● Exercise description: An exact transcript of every entry is required, without any of the pictures.

● Task material:
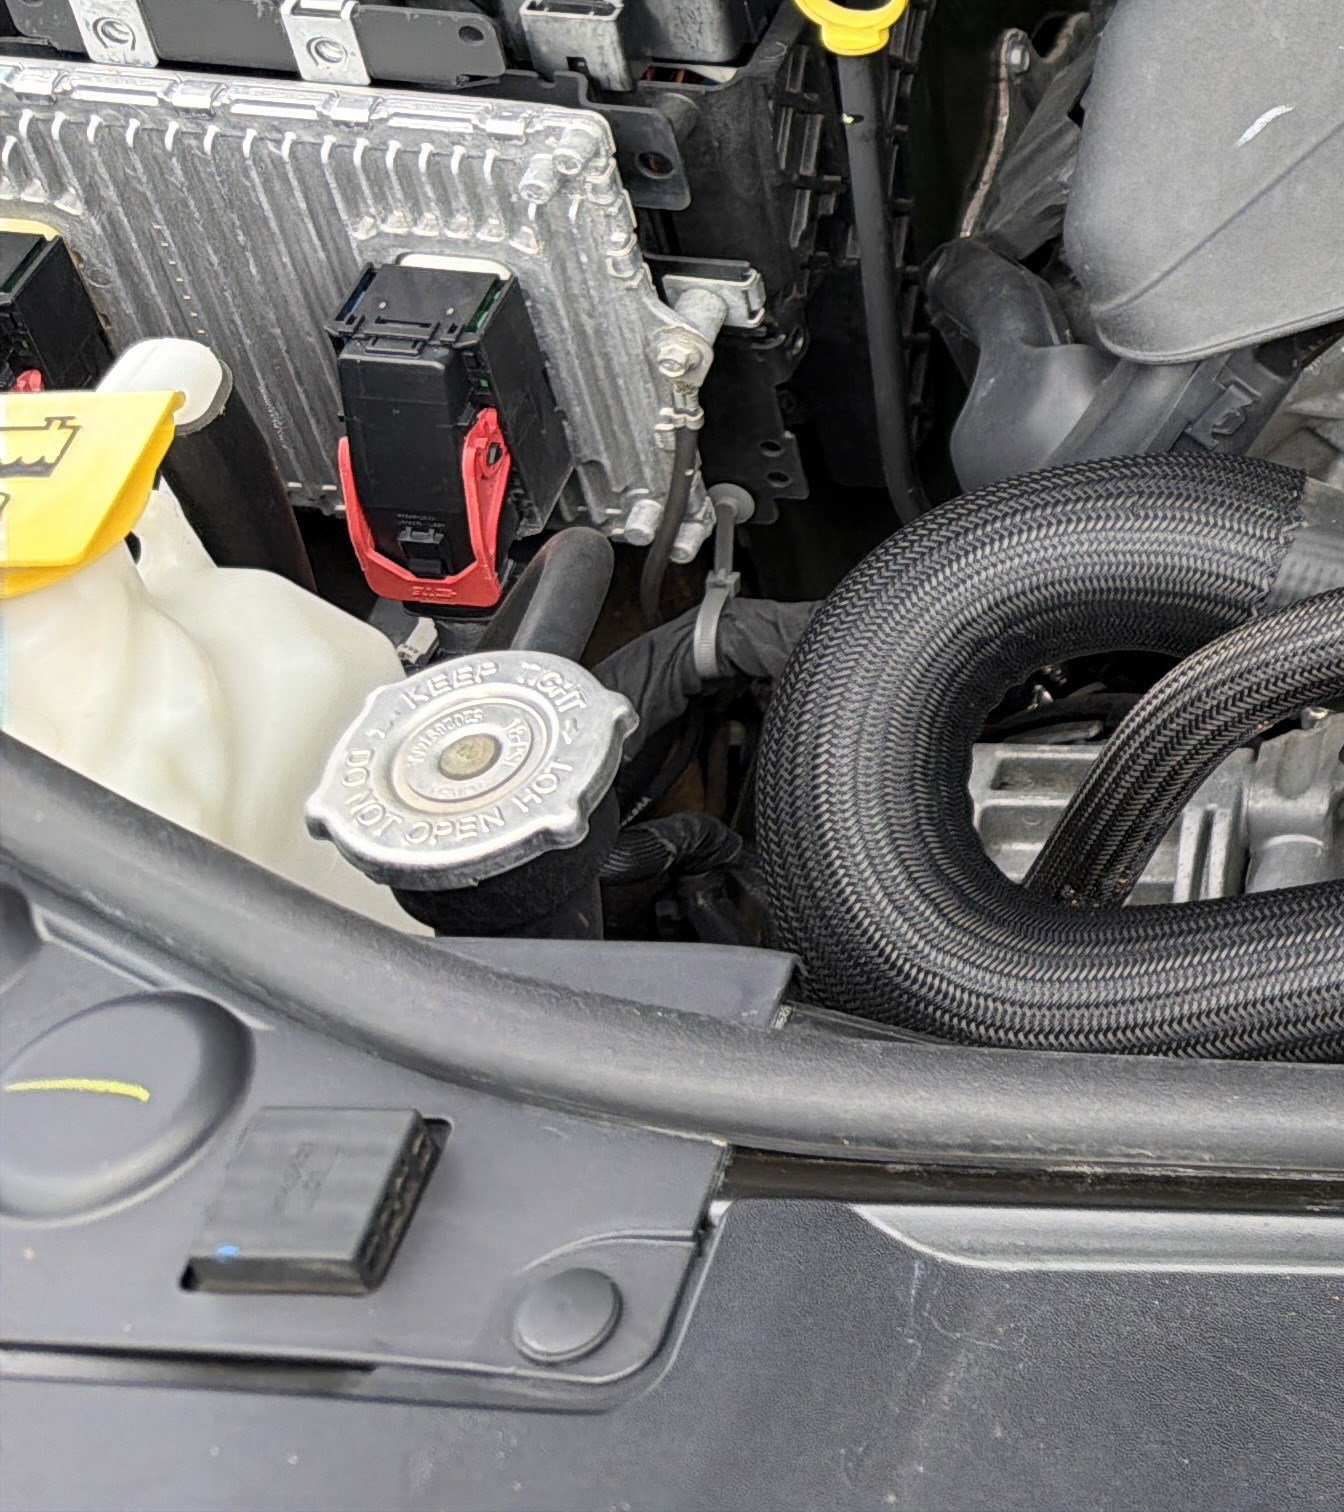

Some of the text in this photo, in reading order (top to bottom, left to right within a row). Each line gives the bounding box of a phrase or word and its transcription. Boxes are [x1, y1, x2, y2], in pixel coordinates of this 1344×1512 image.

[401, 661, 499, 709] KEEP
[342, 747, 375, 787] DO
[514, 759, 573, 813] HOT
[346, 792, 403, 838] NOT
[404, 807, 507, 846] OPEN
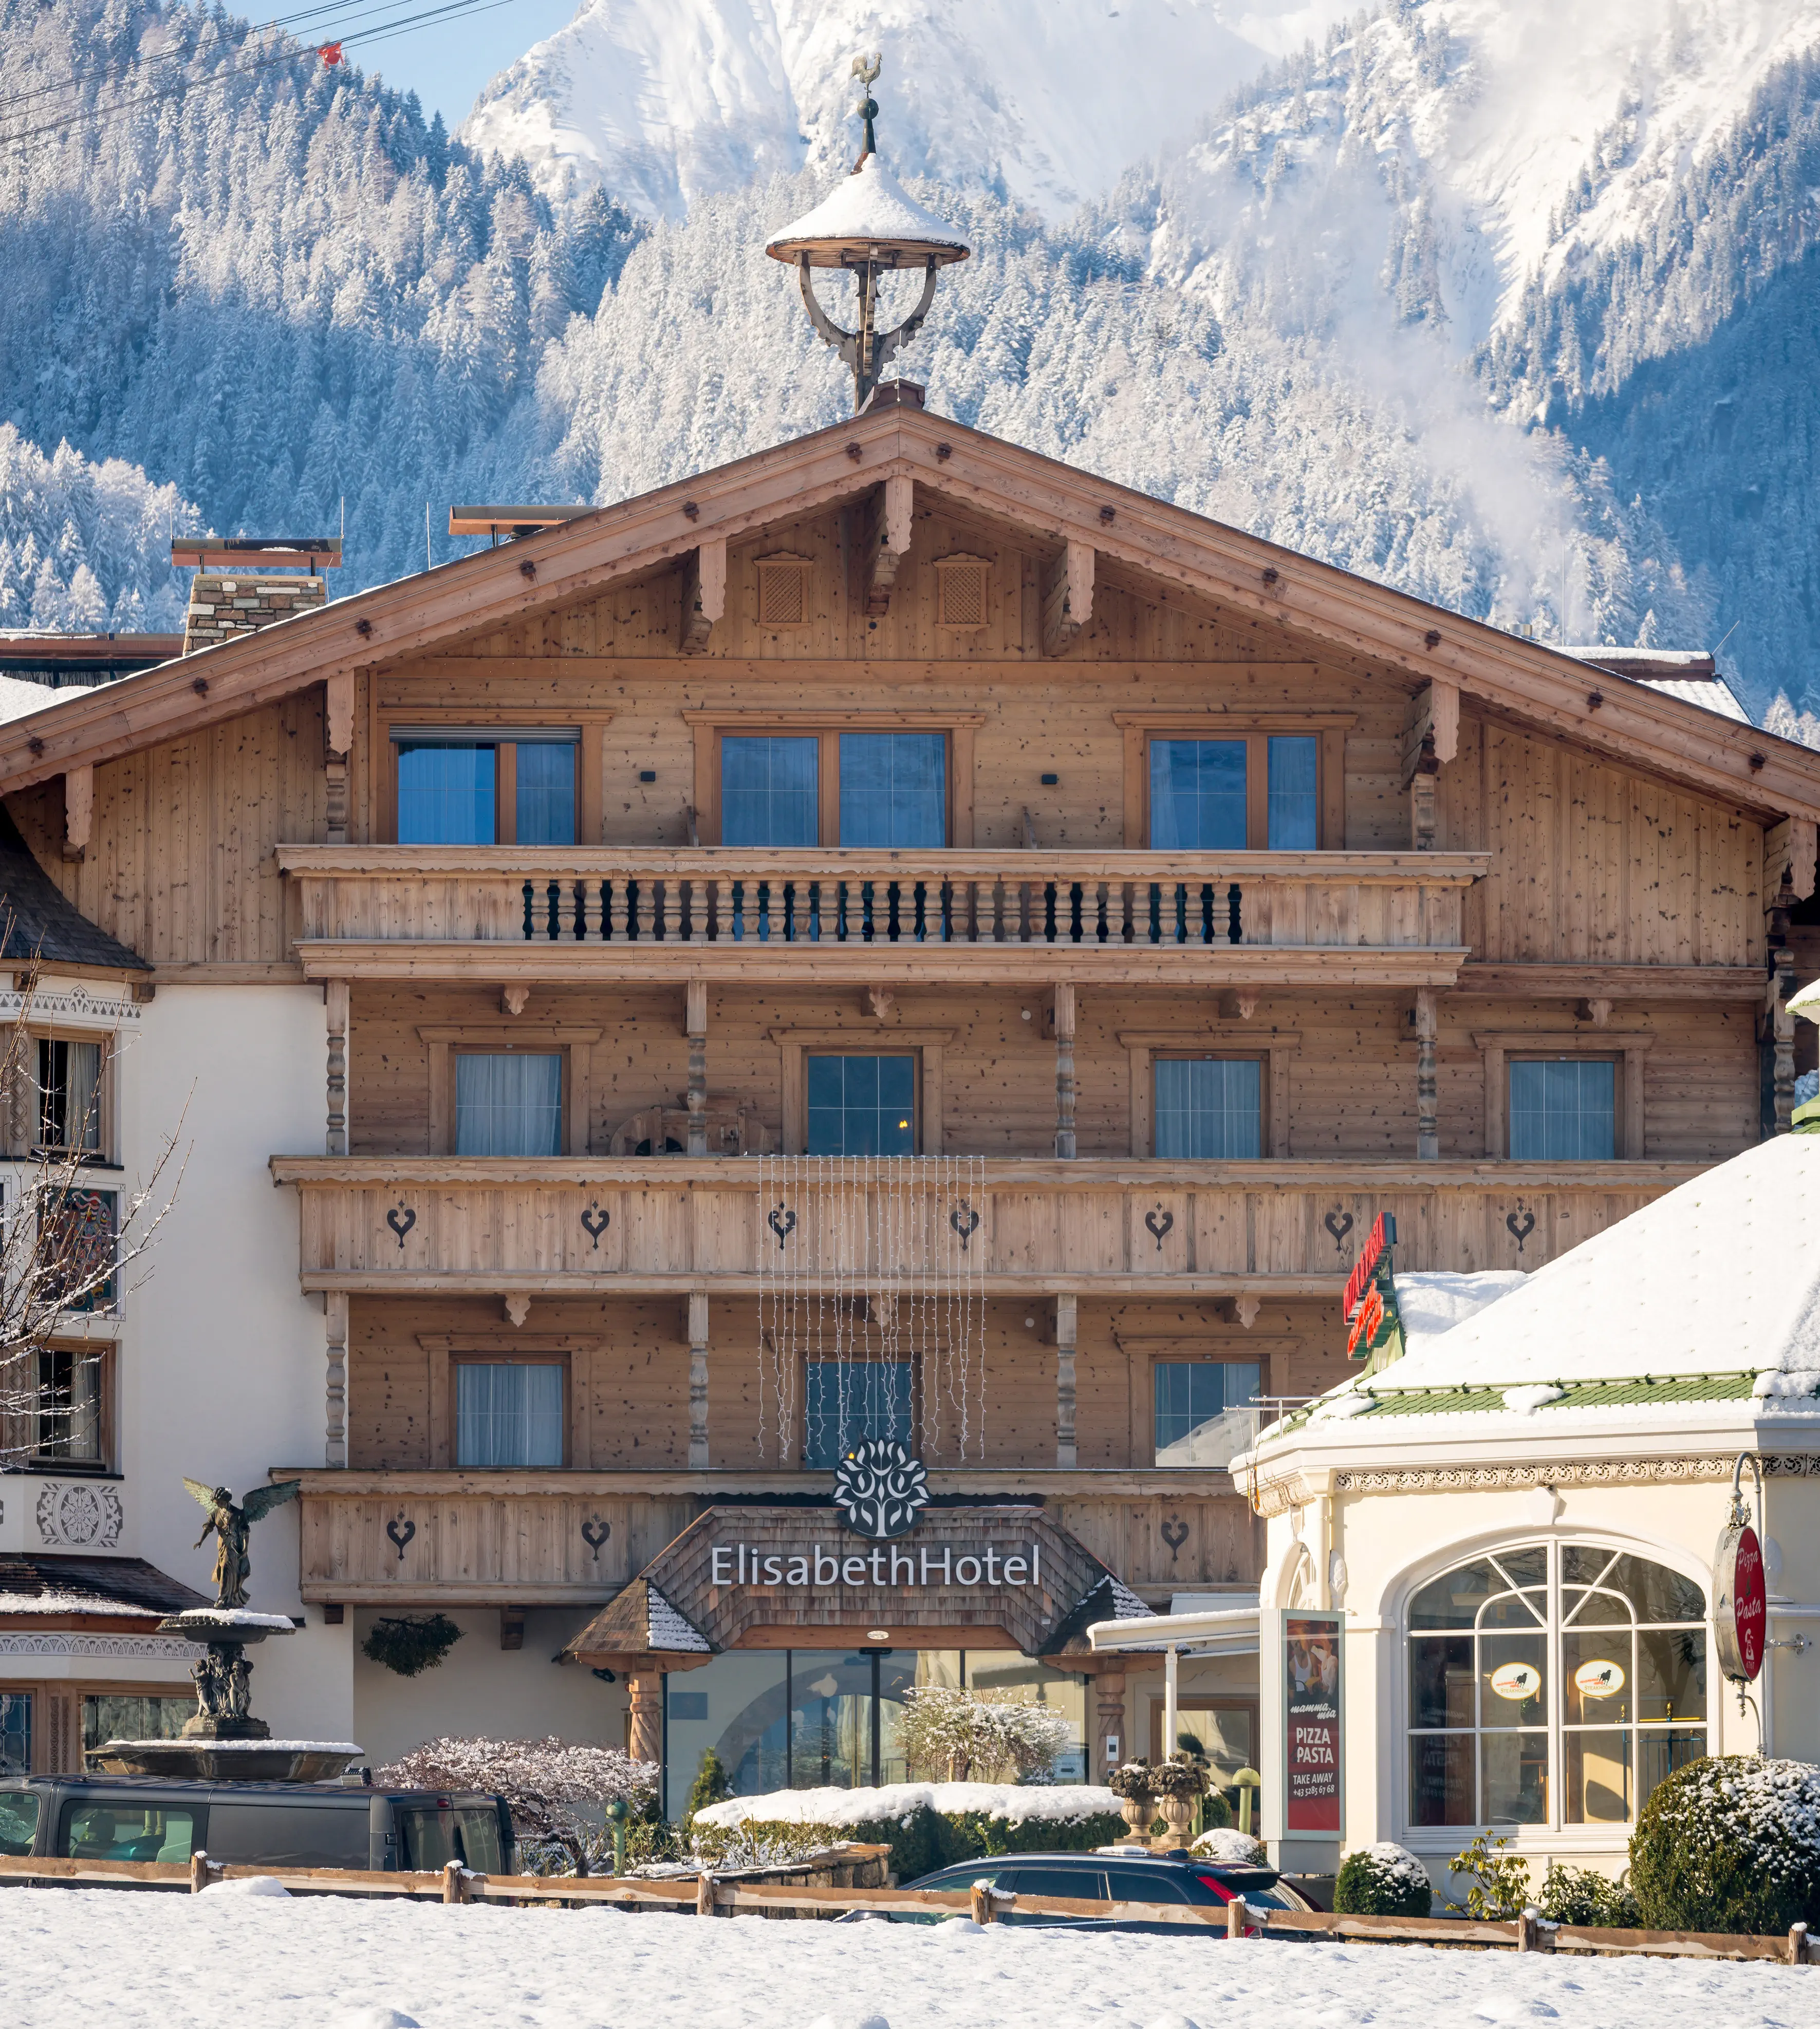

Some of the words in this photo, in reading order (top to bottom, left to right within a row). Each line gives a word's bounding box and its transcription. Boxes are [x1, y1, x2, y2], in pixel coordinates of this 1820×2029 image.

[711, 1544, 1039, 1586] ElisabethHotel
[1738, 1548, 1759, 1573] Pizza
[1736, 1597, 1762, 1625] Pasta
[1290, 1703, 1330, 1714] mamma
[1317, 1707, 1336, 1720] mia
[1296, 1727, 1331, 1744] PIZZA
[1297, 1746, 1334, 1763] PASTA
[1293, 1774, 1310, 1785] TAKE
[1311, 1772, 1333, 1784] AWAY
[1293, 1788, 1304, 1797] +43
[1305, 1785, 1318, 1796] 5285
[1318, 1785, 1326, 1795] 67
[1327, 1784, 1334, 1793] 68

● Reply to the exercise:
Some of the text in this photo, in reading order (top to bottom, left to right within a row). Each line gives the bounding box of a phrase or word and its transcription. Boxes are [x1, y1, x2, y2], in pixel coordinates of this 1344×1512 image.

[401, 661, 499, 709] KEEP
[342, 747, 375, 787] DO
[514, 759, 573, 813] HOT
[346, 792, 403, 838] NOT
[404, 807, 507, 846] OPEN

Some of the words in this photo, in reading order (top to bottom, left to right within a row). Each line gives a word's bounding box and its transcription. Boxes are [x1, y1, x2, y2], in pixel coordinates of this 1820×2029 image.

[711, 1544, 1039, 1586] ElisabethHotel
[1738, 1548, 1759, 1573] Pizza
[1736, 1597, 1762, 1625] Pasta
[1290, 1703, 1330, 1714] mamma
[1317, 1707, 1336, 1720] mia
[1296, 1727, 1331, 1744] PIZZA
[1297, 1746, 1334, 1763] PASTA
[1293, 1774, 1310, 1785] TAKE
[1311, 1772, 1333, 1784] AWAY
[1293, 1788, 1304, 1797] +43
[1305, 1785, 1318, 1796] 5285
[1318, 1785, 1326, 1795] 67
[1327, 1784, 1334, 1793] 68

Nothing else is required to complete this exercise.